**DIRECTIONS FOR THIS TASK**
Quote all of the data that follows exactly as written, skipping the images.

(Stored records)
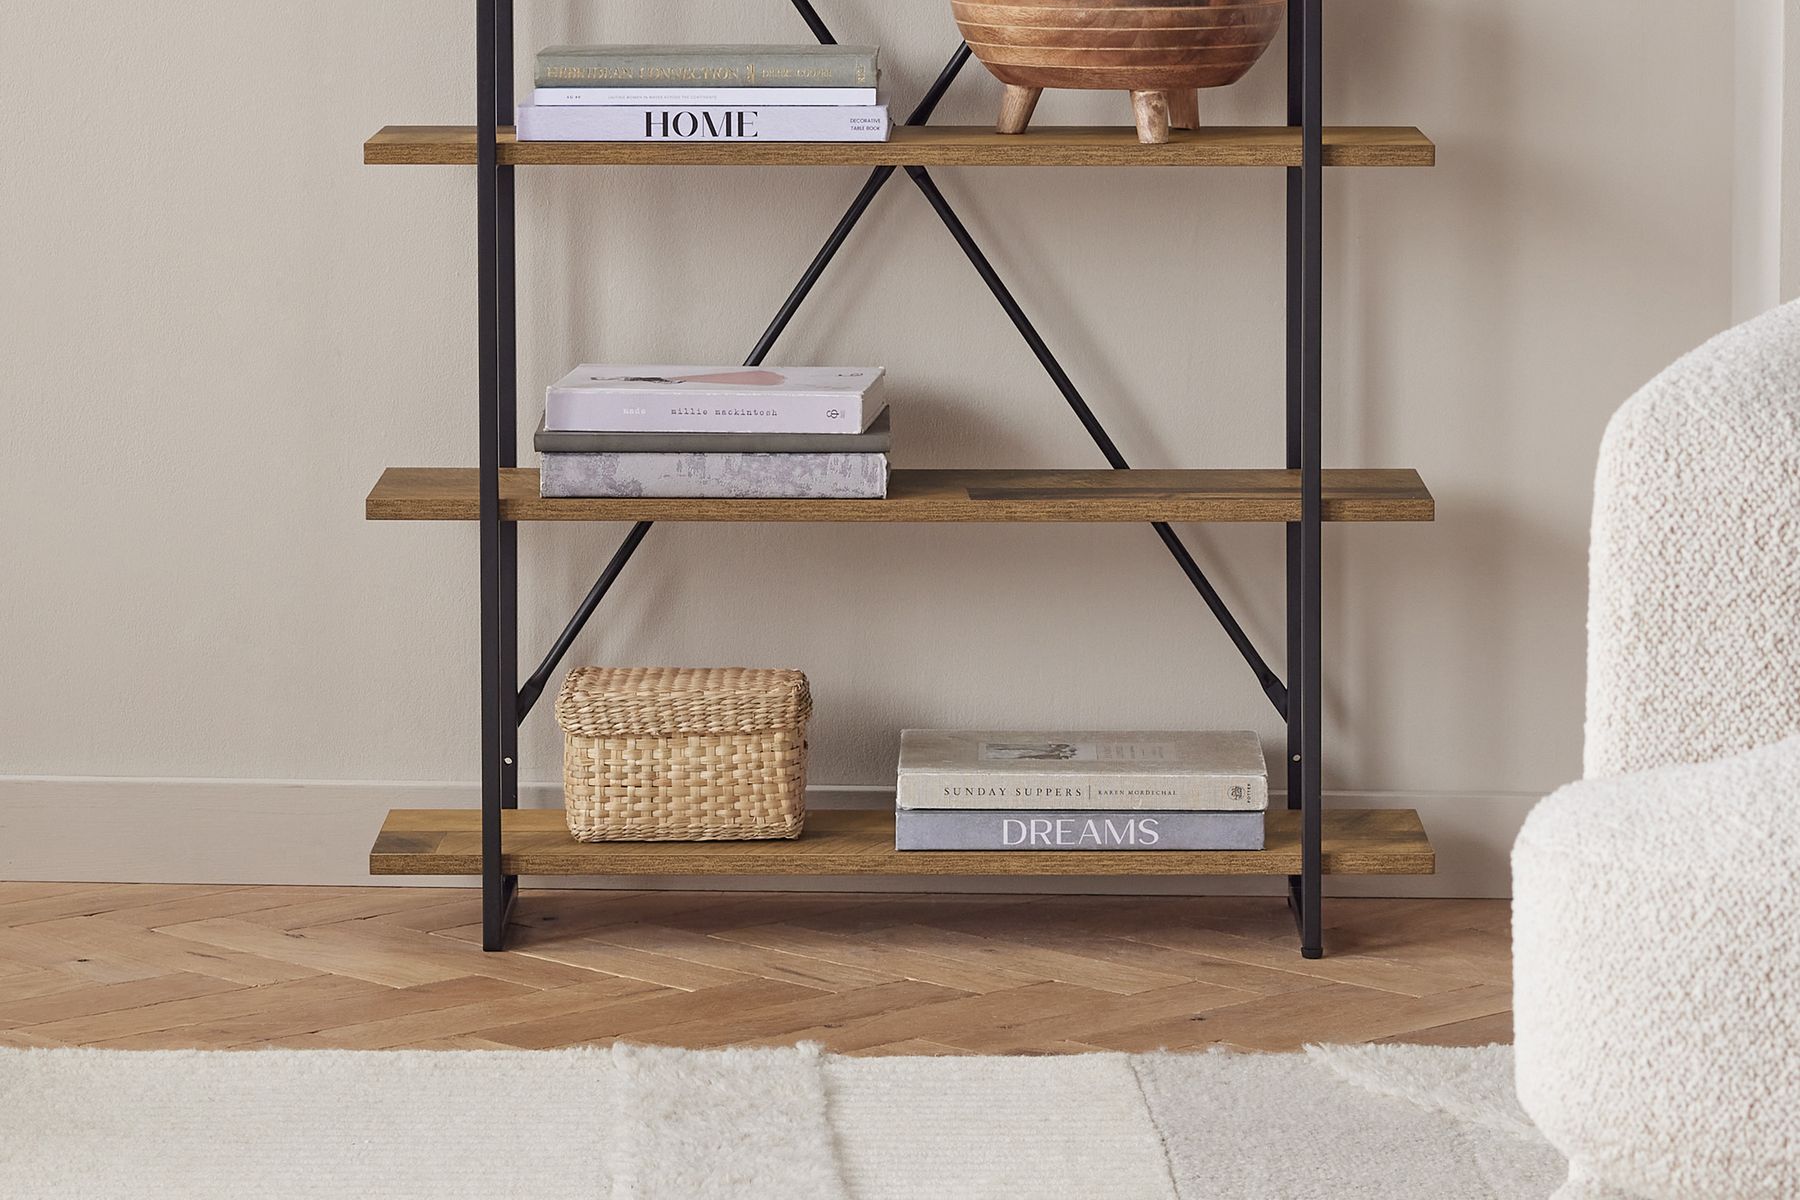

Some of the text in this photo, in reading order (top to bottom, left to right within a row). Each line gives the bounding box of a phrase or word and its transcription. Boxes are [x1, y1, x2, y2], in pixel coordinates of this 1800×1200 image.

[639, 66, 739, 80] CONNECTION
[644, 110, 759, 138] HOME
[671, 407, 778, 417] millie mackintosh
[944, 787, 1082, 797] SUNDAY SUPPERS
[1002, 818, 1160, 846] DREAMS
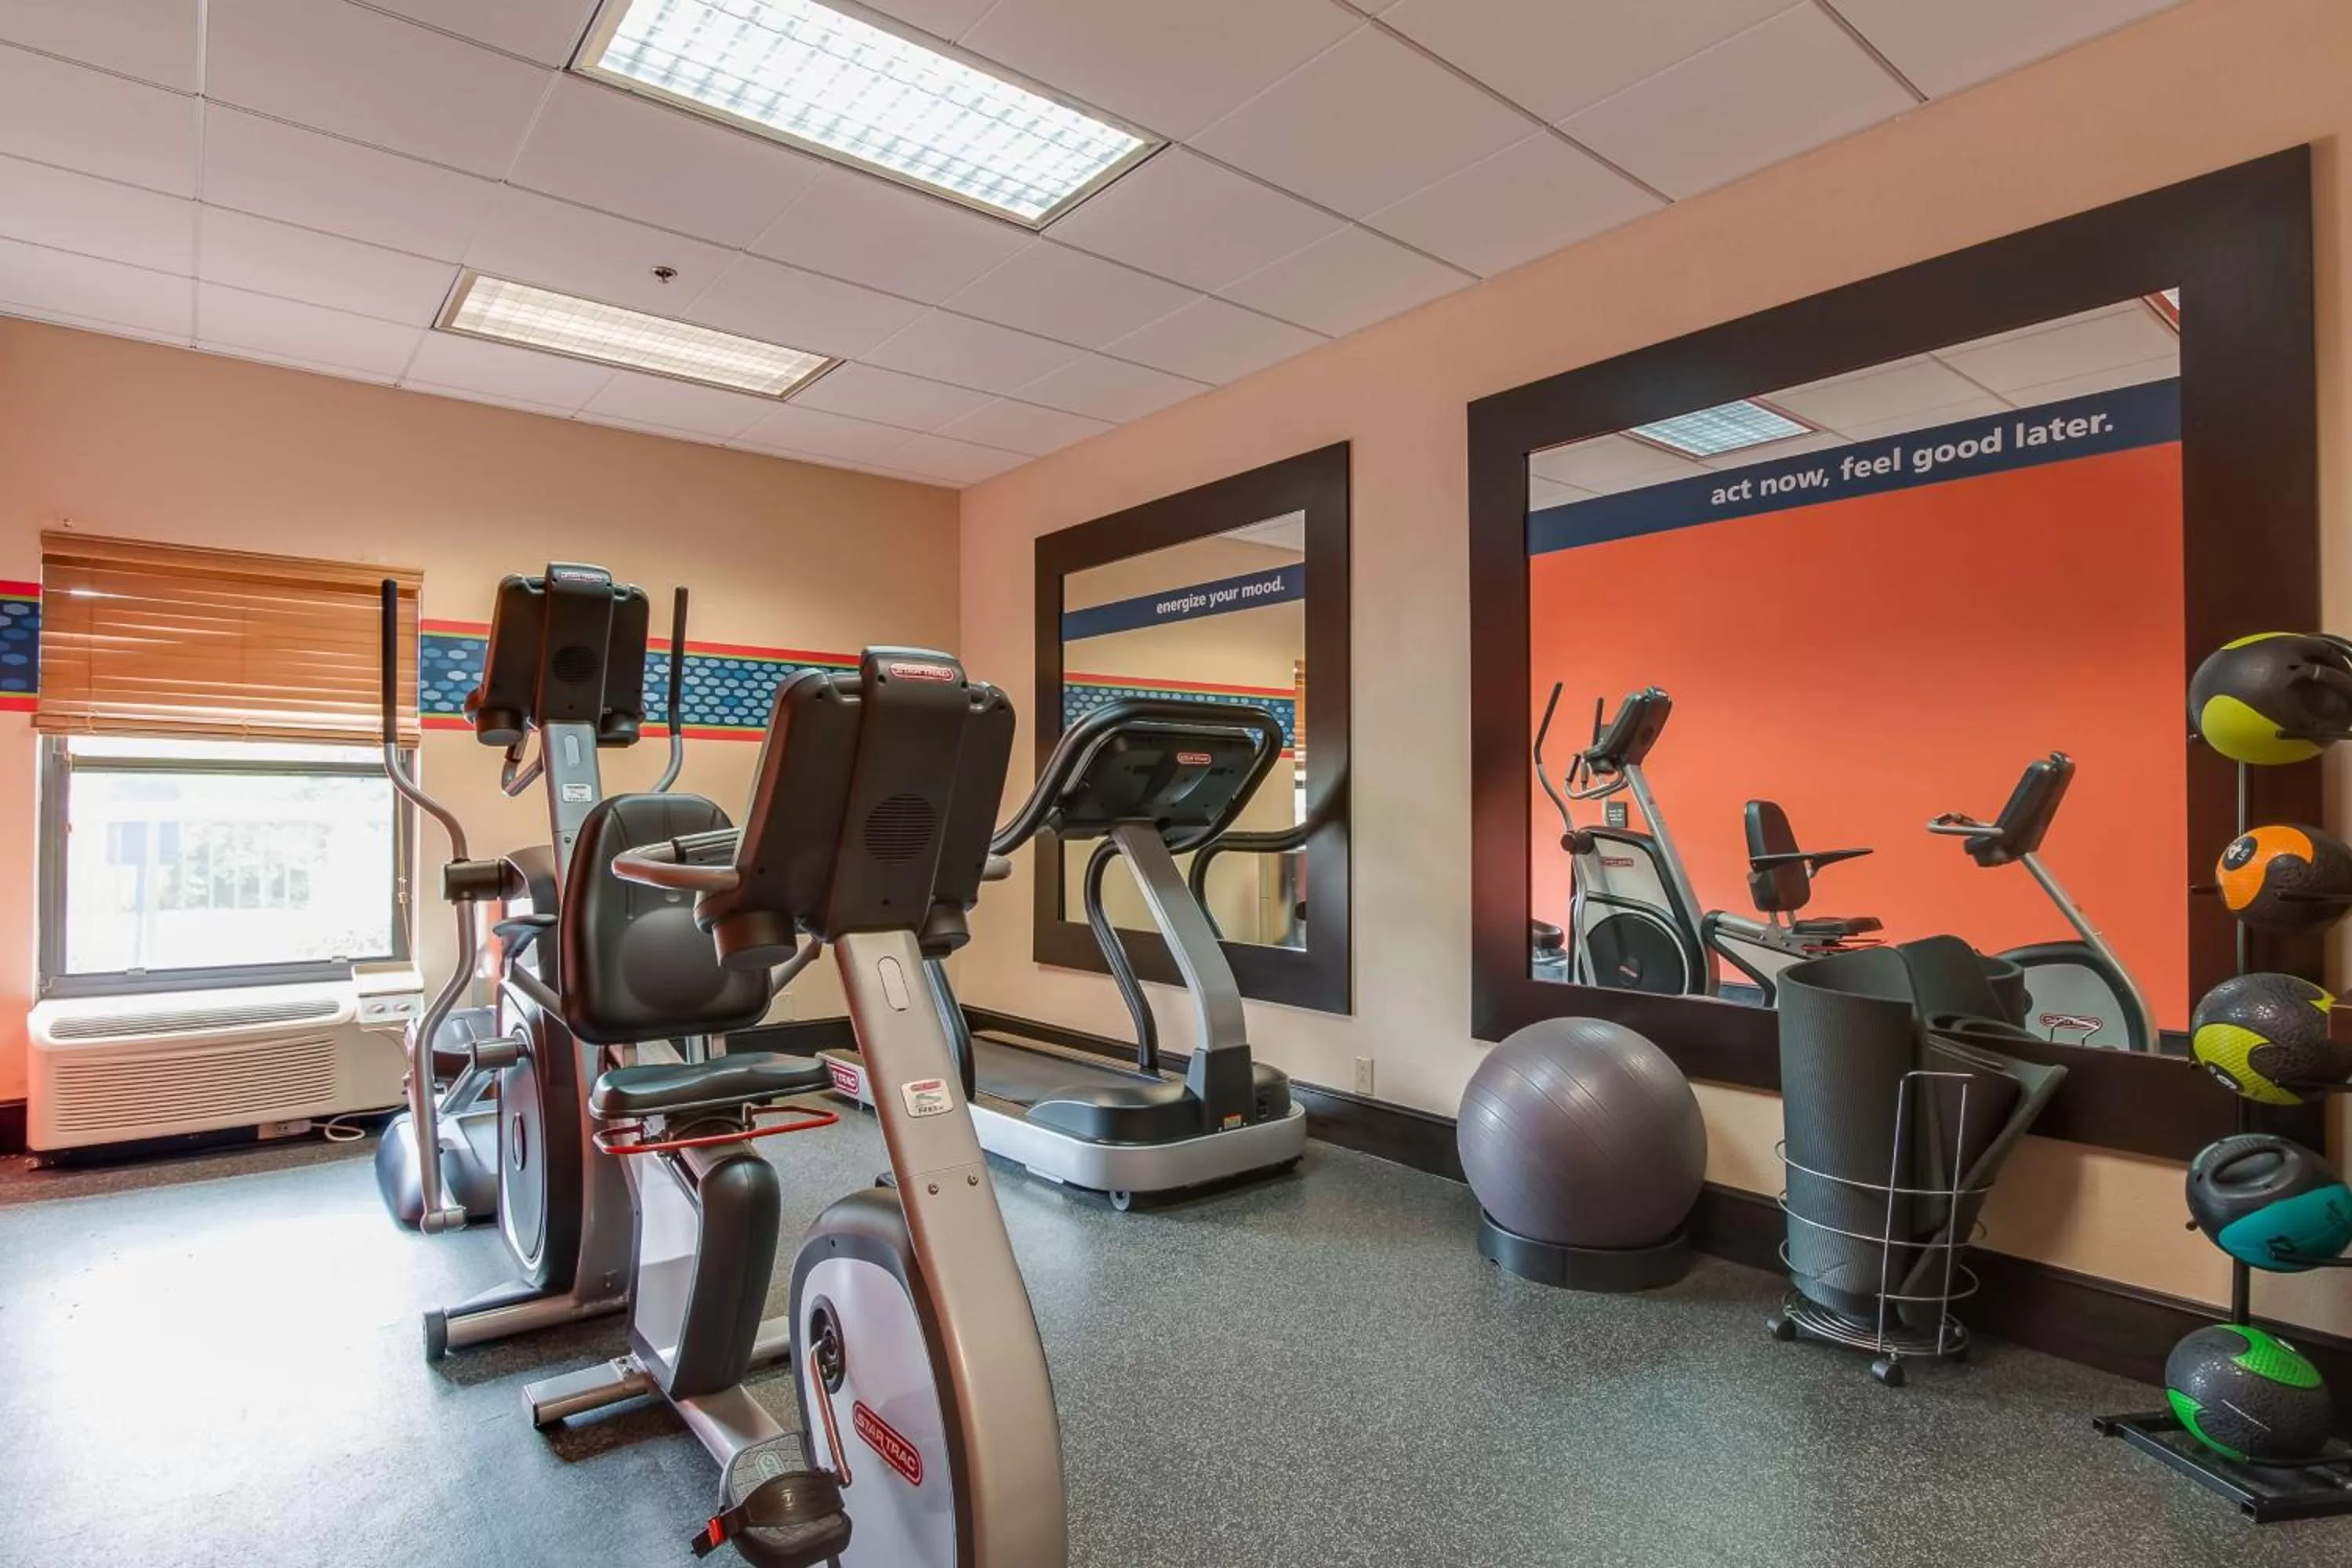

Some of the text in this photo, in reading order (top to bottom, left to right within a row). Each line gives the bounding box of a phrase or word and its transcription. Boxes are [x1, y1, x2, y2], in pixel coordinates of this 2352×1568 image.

[1711, 413, 2114, 505] act now, feel good later.
[1156, 575, 1285, 614] energize your mood.
[856, 1413, 916, 1472] STAR TRAC
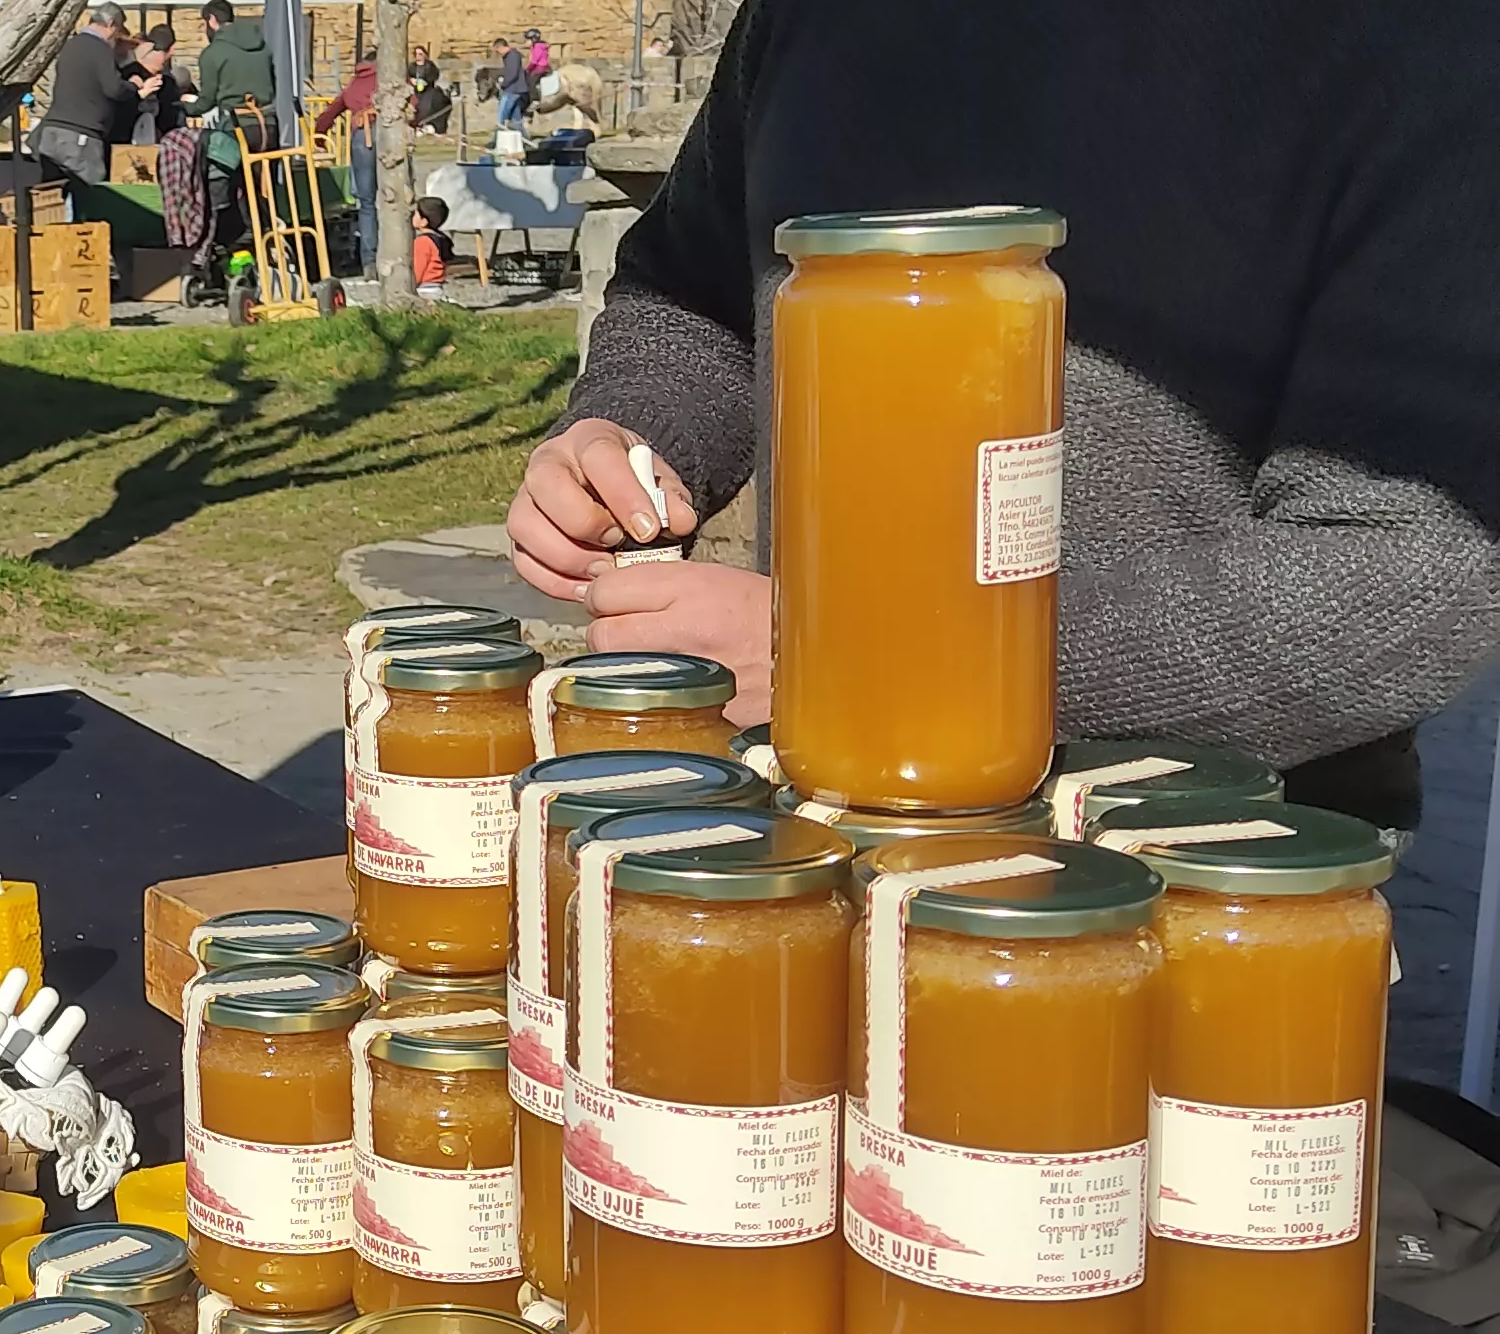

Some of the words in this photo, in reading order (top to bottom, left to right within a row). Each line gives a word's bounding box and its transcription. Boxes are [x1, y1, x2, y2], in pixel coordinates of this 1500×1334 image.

[999, 461, 1007, 469] La
[999, 495, 1042, 509] APICULTOR
[999, 544, 1023, 555] 31191
[358, 844, 365, 858] DE
[368, 848, 425, 874] NAVARRA
[490, 862, 505, 872] 500
[517, 997, 554, 1028] BRESKA
[525, 1080, 538, 1099] DE
[574, 1088, 616, 1122] BRESKA
[762, 1122, 777, 1130] de:
[1252, 1124, 1276, 1132] Miel
[1279, 1124, 1296, 1132] de:
[753, 1134, 774, 1145] MIL
[786, 1127, 820, 1143] FLORES
[1265, 1139, 1288, 1151] MIL
[1301, 1135, 1341, 1150] FLORES
[737, 1147, 766, 1156] Fecha
[769, 1147, 780, 1155] de
[859, 1131, 906, 1168] BRESKA
[1251, 1150, 1282, 1158] Fecha
[1285, 1150, 1298, 1158] de
[298, 1165, 315, 1176] MIL
[1041, 1169, 1064, 1178] Miel
[1067, 1169, 1083, 1177] de:
[1289, 1162, 1300, 1174] 10
[1050, 1182, 1072, 1194] MIL
[1086, 1175, 1124, 1192] FLORES
[1250, 1177, 1300, 1185] Consumir
[1303, 1176, 1328, 1184] antes
[1330, 1173, 1343, 1181] de:
[1287, 1186, 1300, 1197] 10
[478, 1193, 496, 1203] MIL
[583, 1183, 598, 1203] DE
[603, 1190, 644, 1219] UJUÉ
[1040, 1196, 1070, 1205] Fecha
[1073, 1195, 1086, 1204] de
[735, 1201, 761, 1209] Lote:
[1073, 1205, 1084, 1217] 10
[1249, 1203, 1276, 1212] Lote:
[1296, 1200, 1330, 1214] L-523
[193, 1202, 245, 1235] NAVARRA
[735, 1222, 761, 1230] Peso:
[768, 1217, 795, 1229] 1000
[798, 1218, 804, 1228] g
[1038, 1223, 1089, 1233] Consumir
[1248, 1224, 1276, 1233] Peso:
[1284, 1222, 1313, 1233] 1000
[1317, 1223, 1323, 1234] g
[309, 1230, 325, 1240] 500
[326, 1230, 332, 1240] g
[364, 1233, 421, 1266] NAVARRA
[868, 1232, 885, 1253] DE
[892, 1239, 938, 1270] UJUÉ
[1038, 1252, 1064, 1261] Lote:
[1081, 1244, 1114, 1259] L-523
[488, 1256, 505, 1268] 500
[506, 1257, 512, 1267] g
[1036, 1274, 1065, 1282] Peso:
[1072, 1269, 1101, 1281] 1000
[1104, 1269, 1111, 1280] g

**SOLUTION TO THE PROBLEM**
Some of the text in this photo, in reading order (top to bottom, left to right within a row). Each line gives the bounding box of a phrase or word and its transcription. Boxes are [x1, y1, x2, y2], in pixel coordinates of this 1800×1200 image.

[639, 66, 739, 80] CONNECTION
[644, 110, 759, 138] HOME
[671, 407, 778, 417] millie mackintosh
[944, 787, 1082, 797] SUNDAY SUPPERS
[1002, 818, 1160, 846] DREAMS

Some of the text in this photo, in reading order (top to bottom, left to right within a row). Each line gives the bounding box of a phrase or word and its transcription. Boxes are [x1, y1, x2, y2], in pixel coordinates of this 2352×1568 image.

[1711, 413, 2114, 505] act now, feel good later.
[1156, 575, 1285, 614] energize your mood.
[856, 1413, 916, 1472] STAR TRAC

Some of the words in this photo, in reading order (top to bottom, left to right within a row). Each line gives a word's bounding box and its transcription. Boxes are [x1, y1, x2, y2], in pixel coordinates of this 1500×1334 image.

[999, 461, 1007, 469] La
[999, 495, 1042, 509] APICULTOR
[999, 544, 1023, 555] 31191
[358, 844, 365, 858] DE
[368, 848, 425, 874] NAVARRA
[490, 862, 505, 872] 500
[517, 997, 554, 1028] BRESKA
[525, 1080, 538, 1099] DE
[574, 1088, 616, 1122] BRESKA
[762, 1122, 777, 1130] de:
[1252, 1124, 1276, 1132] Miel
[1279, 1124, 1296, 1132] de:
[753, 1134, 774, 1145] MIL
[786, 1127, 820, 1143] FLORES
[1265, 1139, 1288, 1151] MIL
[1301, 1135, 1341, 1150] FLORES
[737, 1147, 766, 1156] Fecha
[769, 1147, 780, 1155] de
[859, 1131, 906, 1168] BRESKA
[1251, 1150, 1282, 1158] Fecha
[1285, 1150, 1298, 1158] de
[298, 1165, 315, 1176] MIL
[1041, 1169, 1064, 1178] Miel
[1067, 1169, 1083, 1177] de:
[1289, 1162, 1300, 1174] 10
[1050, 1182, 1072, 1194] MIL
[1086, 1175, 1124, 1192] FLORES
[1250, 1177, 1300, 1185] Consumir
[1303, 1176, 1328, 1184] antes
[1330, 1173, 1343, 1181] de:
[1287, 1186, 1300, 1197] 10
[478, 1193, 496, 1203] MIL
[583, 1183, 598, 1203] DE
[603, 1190, 644, 1219] UJUÉ
[1040, 1196, 1070, 1205] Fecha
[1073, 1195, 1086, 1204] de
[735, 1201, 761, 1209] Lote:
[1073, 1205, 1084, 1217] 10
[1249, 1203, 1276, 1212] Lote:
[1296, 1200, 1330, 1214] L-523
[193, 1202, 245, 1235] NAVARRA
[735, 1222, 761, 1230] Peso:
[768, 1217, 795, 1229] 1000
[798, 1218, 804, 1228] g
[1038, 1223, 1089, 1233] Consumir
[1248, 1224, 1276, 1233] Peso:
[1284, 1222, 1313, 1233] 1000
[1317, 1223, 1323, 1234] g
[309, 1230, 325, 1240] 500
[326, 1230, 332, 1240] g
[364, 1233, 421, 1266] NAVARRA
[868, 1232, 885, 1253] DE
[892, 1239, 938, 1270] UJUÉ
[1038, 1252, 1064, 1261] Lote:
[1081, 1244, 1114, 1259] L-523
[488, 1256, 505, 1268] 500
[506, 1257, 512, 1267] g
[1036, 1274, 1065, 1282] Peso:
[1072, 1269, 1101, 1281] 1000
[1104, 1269, 1111, 1280] g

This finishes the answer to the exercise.